Provided entries Start Marker

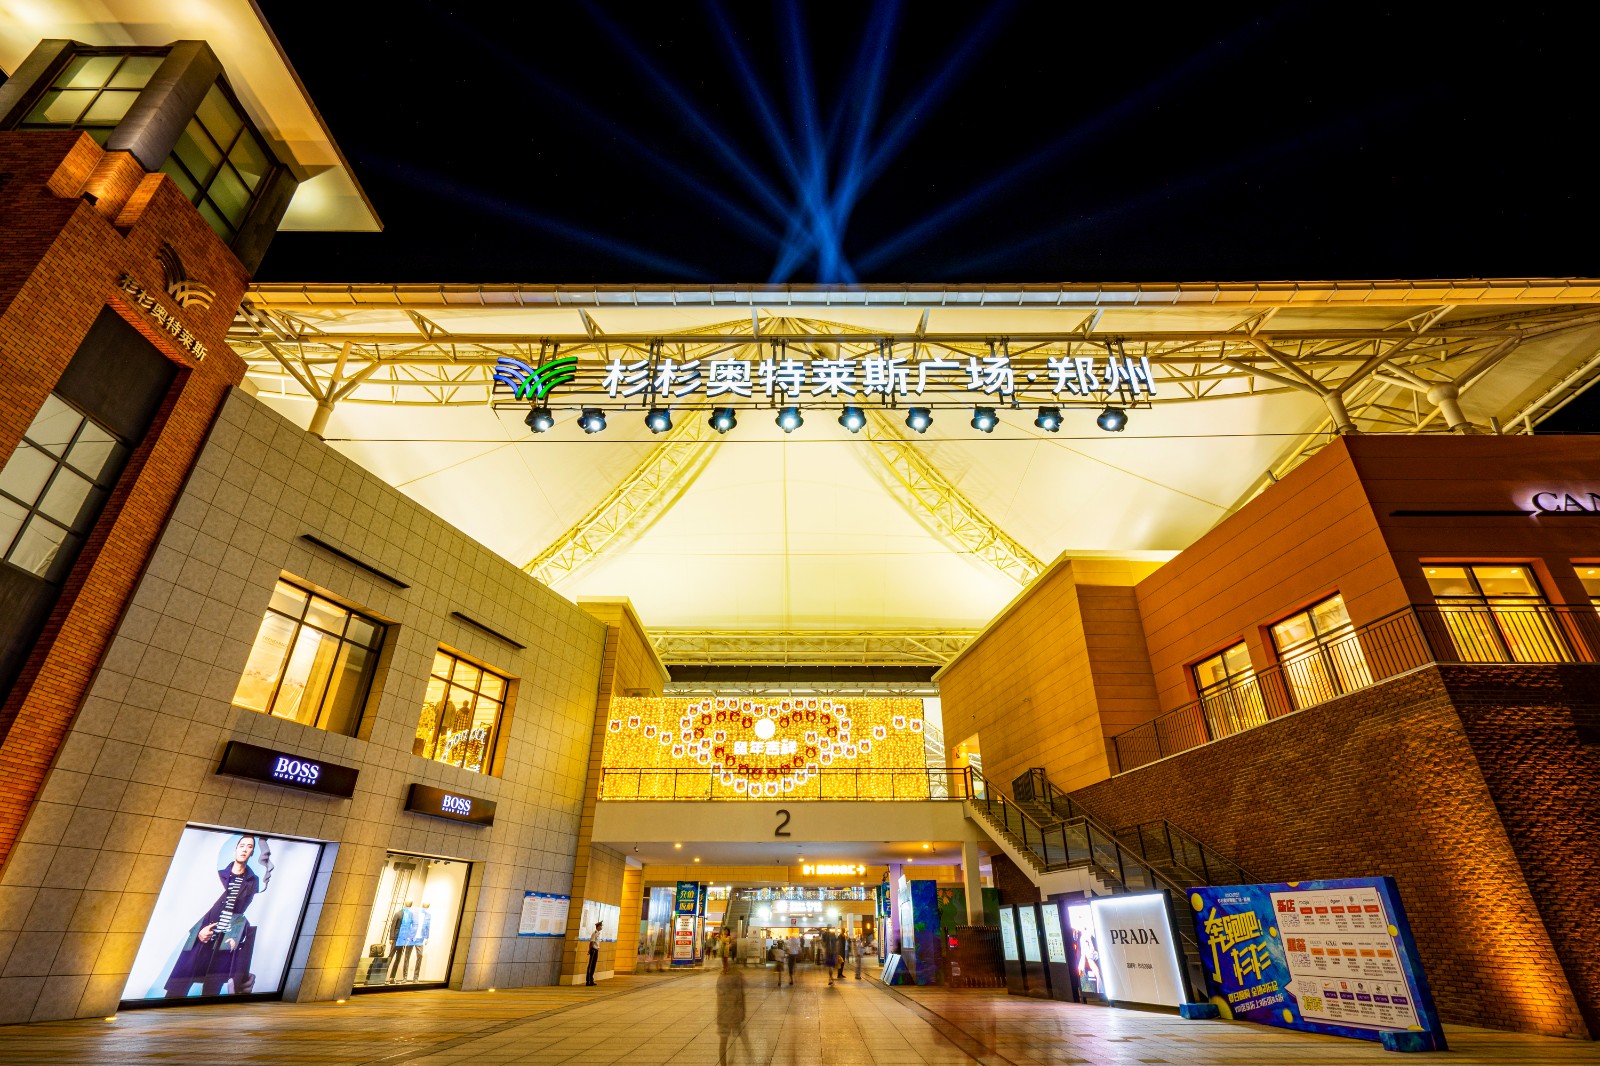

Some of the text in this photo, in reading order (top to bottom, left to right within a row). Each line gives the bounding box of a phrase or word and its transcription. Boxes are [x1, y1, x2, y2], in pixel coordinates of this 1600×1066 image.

[119, 275, 208, 361] 杉杉奥特莱斯
[274, 772, 294, 780] HUGO
[275, 757, 320, 779] BOSS
[442, 794, 471, 812] BOSS
[774, 809, 791, 837] 2
[1277, 899, 1296, 913] 新店
[1110, 928, 1160, 945] PRADA

Provided entries End Marker

→ Exercise requirements
The listing above needs to be output again exactly. Don't include the pictures.

→ Written solution
Some of the text in this photo, in reading order (top to bottom, left to right within a row). Each line gives the bounding box of a phrase or word and its transcription. Boxes are [x1, y1, x2, y2], in pixel coordinates of this 1600×1066 image.

[119, 275, 208, 361] 杉杉奥特莱斯
[274, 772, 294, 780] HUGO
[275, 757, 320, 779] BOSS
[442, 794, 471, 812] BOSS
[774, 809, 791, 837] 2
[1277, 899, 1296, 913] 新店
[1110, 928, 1160, 945] PRADA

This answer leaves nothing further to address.